Fibrocartilaginous mesenchymoma is composed of two distinct tissue types: one is cartilaginous tissue, which is benign and resembles the growing epiphyseal plate; the other is similar to low-grade malignant fibrous fleshy tumor tissue. This disease is rare.

bubble_chart Pathological Changes

1. Gross appearance: The tumor is firm, white, and has a fasciculated appearance, resembling a desmoid tumor or low-grade malignant fibrous fleshy tumor. In the stroma, there are cartilage-like substances arranged in a distinctive spiral pattern, resembling a growing cartilage plate.

2. Microscopic appearance: There are continuous, intersecting spindle cells and collagen fiber bundles. Within the tumor tissue, the nuclei are plump, showing pleomorphism and hyperchromasia, with rare mitotic figures. In the stroma, there are well-demarcated cartilage islands, which are well-differentiated and exhibit benign features, often forming a thick undulating band resembling the epiphyseal plate, with progressive columnar arrangement, proliferation, and endochondral ossification. In short, the main component of fibrocartilaginous mesenchymoma resembles a grade I fibrous fleshy tumor, while another distinct component resembles the epiphyseal plate, suggesting a benign, organoid, hamartomatous characteristic.

bubble_chart Clinical Manifestations

It predominantly occurs in males, aged 9 to 23 (average 13 years). Located in the metaphysis of the proximal fibula, it only involves the epiphysis in adulthood. The tumor grows slowly and may cause grade I discomfort and tenderness.

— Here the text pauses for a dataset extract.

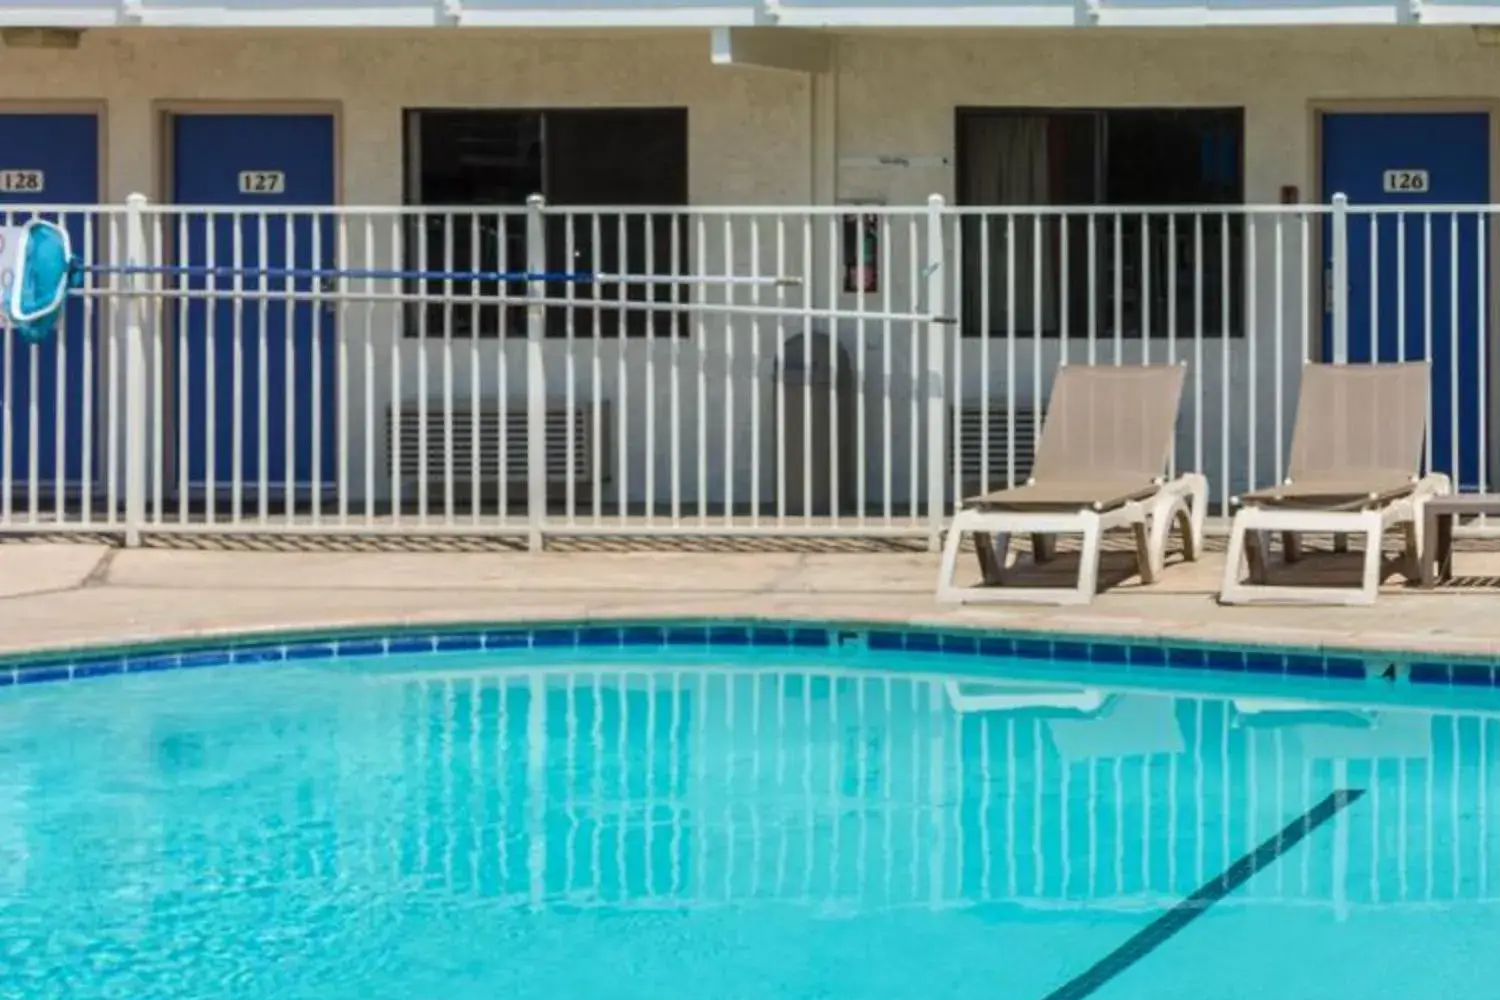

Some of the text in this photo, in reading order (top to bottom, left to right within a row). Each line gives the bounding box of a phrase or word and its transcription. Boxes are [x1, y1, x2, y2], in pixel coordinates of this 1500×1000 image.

If located in superficial bones, regular, firm bone expansion with clear boundaries may be observed.

X-ray findings reveal a radiolucent lesion adjacent to the growth plate. In adults, it may invade the metaphysis, with grade II expansion of the affected bone's contour and thinning of the cortical bone, which may appear scalloped or lobulated. The cortical bone often exhibits small areas of destruction, through which the tumor extends into the surrounding soft tissues. Periosteal reaction is rare and typically shows a chronic response, resulting in a smooth or grade I rough surface of the thinned cortical bone. The tumor often contains mineral deposits—granular or ring-like patterns suggest cartilaginous components, while a cloudy appearance suggests osseous components.

bubble_chart Treatment Measures

The disease progresses slowly but is a low-grade malignant tumor. Local recurrence of the tumor is common after intralesional resection, and it may even recur several years post-surgery. Both the primary tumor and recurrent tumors should be treated with en bloc resection. No cases of metastasis have been reported.

bubble_chart Differentiation

In imaging, it needs to be differentiated from several types of tumors. Non-ossifying fibroma and low-grade malignant fibrous fleshy tumors show no mineral deposits within the mass. Soft osteosarcoma does not occur in underage patients. Chondroblastoma presents as ground-glass or cloud-like increased density rather than granular or ring-shaped. Giant cell tumor of bone is rare during the growth period and lacks mineral deposits. Pediatric osteosarcoma and adult clear cell soft osteosarcoma also require differentiation. Histologically, it should be distinguished from fibrous dysplasia, which contains cartilaginous components, but its fibrous tissue is benign. Additionally, fibrous dysplasia has bone islands, and the cartilage does not resemble growth cartilage.